Ma dobbiamo cominciare a cambiare

JEFFREY D. SACHS*

A 12 anni di distanza dal seimiliardesimo uomo sul pianeta, nel 1999, l’umanità saluterà l’arrivo del suo settemiliardesimo membro nel corso di questo mese. La popolazione mondiale continua a crescere rapidamente e ogni anno nascono circa 75 milioni di persone in più rispetto a quelle che muoiono. Le conseguenze di un mondo affollato da 7 miliardi di persone sono enormi. E a meno che la popolazione mondiale si stabilizzi nel corso del ventunesimo secolo, le conseguenze per l’umanità potrebbero essere spaventose. La popolazione in aumento mette grande pressione su un pianeta che è già sul precipizio della catastrofe ambientale. Trovare cibo, vestiti, una casa ed energia a 7 miliardi di persone è un compito incredibilmente complesso.

L’agricoltura viene già sfruttata in modo sproporzionato e pericoloso. Le foreste pluviali hanno lasciato spazio a nuove coltivazioni. Le falde acquifere, usate per l’irrigazione, si stanno prosciugando. I gas serra emessi nelle attività agricole sono un fattore decisivo del cambiamento climatico in atto. I fertilizzanti stanno avvelenando i fiumi e innumerevoli specie animali sono a rischio di estinzione, privati dall’uomo del loro habitat naturale. Le sfide economiche sono altrettanto preoccupanti. La popolazione sta crescendo più rapidamente proprio nelle nazioni più povere, che spesso sono anche quelle dove l’ambiente è maggiormente a rischio. Per varie ragioni, i poveri tendono ad avere molti più figli. Molti vivono infatti in villaggi nei quali l’aiuto dei più giovani nel lavoro agricolo diventa molto importante. Le società povere generalmente soffrono anche di un’elevata mortalità infantile e questo porta i genitori ad avere più figli, una sorta di «assicurazione» contro la possibile scomparsa degli altri.

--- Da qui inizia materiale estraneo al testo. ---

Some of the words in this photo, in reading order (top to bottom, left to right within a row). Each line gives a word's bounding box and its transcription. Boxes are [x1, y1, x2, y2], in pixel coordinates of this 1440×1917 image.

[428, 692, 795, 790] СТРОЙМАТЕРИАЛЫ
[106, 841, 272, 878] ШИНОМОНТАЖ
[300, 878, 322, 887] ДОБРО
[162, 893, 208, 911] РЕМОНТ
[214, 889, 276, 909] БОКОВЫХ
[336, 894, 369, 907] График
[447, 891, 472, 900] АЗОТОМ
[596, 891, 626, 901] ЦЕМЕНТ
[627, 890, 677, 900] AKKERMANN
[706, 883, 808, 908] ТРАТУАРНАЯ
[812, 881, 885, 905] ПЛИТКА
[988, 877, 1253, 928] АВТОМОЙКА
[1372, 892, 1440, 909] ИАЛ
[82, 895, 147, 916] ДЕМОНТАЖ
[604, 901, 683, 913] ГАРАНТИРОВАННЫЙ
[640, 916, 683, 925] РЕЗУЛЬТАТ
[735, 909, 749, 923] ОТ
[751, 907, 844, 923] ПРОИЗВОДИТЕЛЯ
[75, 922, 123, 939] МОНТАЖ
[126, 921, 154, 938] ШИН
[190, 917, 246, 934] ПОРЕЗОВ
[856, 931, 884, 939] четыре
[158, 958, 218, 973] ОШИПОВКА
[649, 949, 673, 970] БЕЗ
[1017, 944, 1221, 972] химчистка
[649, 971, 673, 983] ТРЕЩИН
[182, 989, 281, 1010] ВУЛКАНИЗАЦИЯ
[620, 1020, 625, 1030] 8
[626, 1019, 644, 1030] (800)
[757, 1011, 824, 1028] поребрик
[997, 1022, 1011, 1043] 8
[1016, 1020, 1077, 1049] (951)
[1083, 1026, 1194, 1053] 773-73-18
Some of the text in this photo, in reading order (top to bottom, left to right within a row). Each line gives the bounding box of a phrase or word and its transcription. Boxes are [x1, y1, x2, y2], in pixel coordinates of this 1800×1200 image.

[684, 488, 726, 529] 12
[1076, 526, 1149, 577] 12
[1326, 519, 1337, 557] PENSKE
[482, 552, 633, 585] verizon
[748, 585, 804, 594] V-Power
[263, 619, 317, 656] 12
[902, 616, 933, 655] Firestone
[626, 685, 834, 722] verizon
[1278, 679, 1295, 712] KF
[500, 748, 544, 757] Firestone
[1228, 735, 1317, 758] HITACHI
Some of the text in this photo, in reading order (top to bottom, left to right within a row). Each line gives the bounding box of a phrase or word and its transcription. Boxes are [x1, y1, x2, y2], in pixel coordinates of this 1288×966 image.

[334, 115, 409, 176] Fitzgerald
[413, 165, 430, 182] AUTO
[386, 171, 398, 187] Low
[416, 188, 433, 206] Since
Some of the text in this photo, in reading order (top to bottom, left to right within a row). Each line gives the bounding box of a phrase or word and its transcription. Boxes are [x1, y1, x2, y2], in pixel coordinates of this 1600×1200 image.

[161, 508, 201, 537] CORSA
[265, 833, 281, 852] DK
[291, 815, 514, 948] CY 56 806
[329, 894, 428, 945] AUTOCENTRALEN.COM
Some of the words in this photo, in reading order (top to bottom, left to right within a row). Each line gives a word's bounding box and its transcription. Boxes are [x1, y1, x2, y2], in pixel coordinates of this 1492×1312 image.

Le ragazze raramente arrivano oltre le elementari: vengono date in sposa e diventano madri quando sono ancora molto giovani, in un contesto dove i metodi contraccettivi moderni spesso non sono disponibili o davvero accessibili. Quando una famiglia povera ha sei, sette, otto figli, molti di loro risultano inevitabilmente condannati a una vita nell’indigenza. Troppo spesso, ai genitori mancano i mezzi per garantire adeguate alimentazione, salute ed istruzione. L’analfabetismo e le malattie finiscono per passare di generazione in generazione e i governi di queste nazioni sottosviluppate sono incapaci di rimediare alla situazione, con budget insufficienti per coprire il bisogno di scuole, strade e altre infrastrutture Ecco perché l’arrivo della persona numero 7 miliardi è causa di profonda preoccupazione. Porta con sé più di un interrogativo. Quale sarà il costo di mantenere un pianeta in cui ogni individuo possa condurre una vita felice? Quanto costerà preservare le risorse globali anche per le future generazioni? Esiste davvero uno «sviluppo sostenibile», in un mondo così affollato? Le risposte sono due e implicano un impegnativo compito per i prossimi decenni. Innanzi tutto servono nuove tecnologie per fare in modo che tutte le nostre attività abbiano un minore impatto ambientale.

Urge un cambio di paradigma, dalla dipendenza dai combustibili fossili, carbone, petrolio e gas, ad un’epoca che tragga energia da fonti a basse emissioni di CO2, come il sole e il vento. Un cambiamento che richiede la collaborazione di tutti, a livelli ancora mai verificatisi. La seconda chiave per lo sviluppo sostenibile è la stabilizzazione della popolazione globale. Già accade nei Paesi ricchi e in parte anche in quelli mediamente sviluppati, dove le famiglie scelgono di avere uno o due figli, in media. Il calo del tasso di fertilità dovrebbe essere incoraggiato anche nelle nazioni più povere, dove è possibile - alcuni casi l’hanno dimostrato - ottenere una riduzione dei tassi di fertilità veloce e totalmente volontaria. Due secoli fa, il pensatore britannico Robert Malthus nelle sue celebre tesi avvertì che l’eccessiva crescita della popolazione avrebbe accorciato la vita al progresso economico. La minaccia è ancora viva, ma è un’eventualità, non una sorte inevitabile.

Ci troviamo di fronte a un dovere che non possiamo più rimandare: adottare stili di vita e tecnologie più sostenibili. E sforzarci di contenere la popolazione intorno agli 8 miliardi entro la metà del secolo. Sterzando quindi dal cammino attuale, che ci porterebbe facilmente oltre i 10 miliardi di qui al 2100.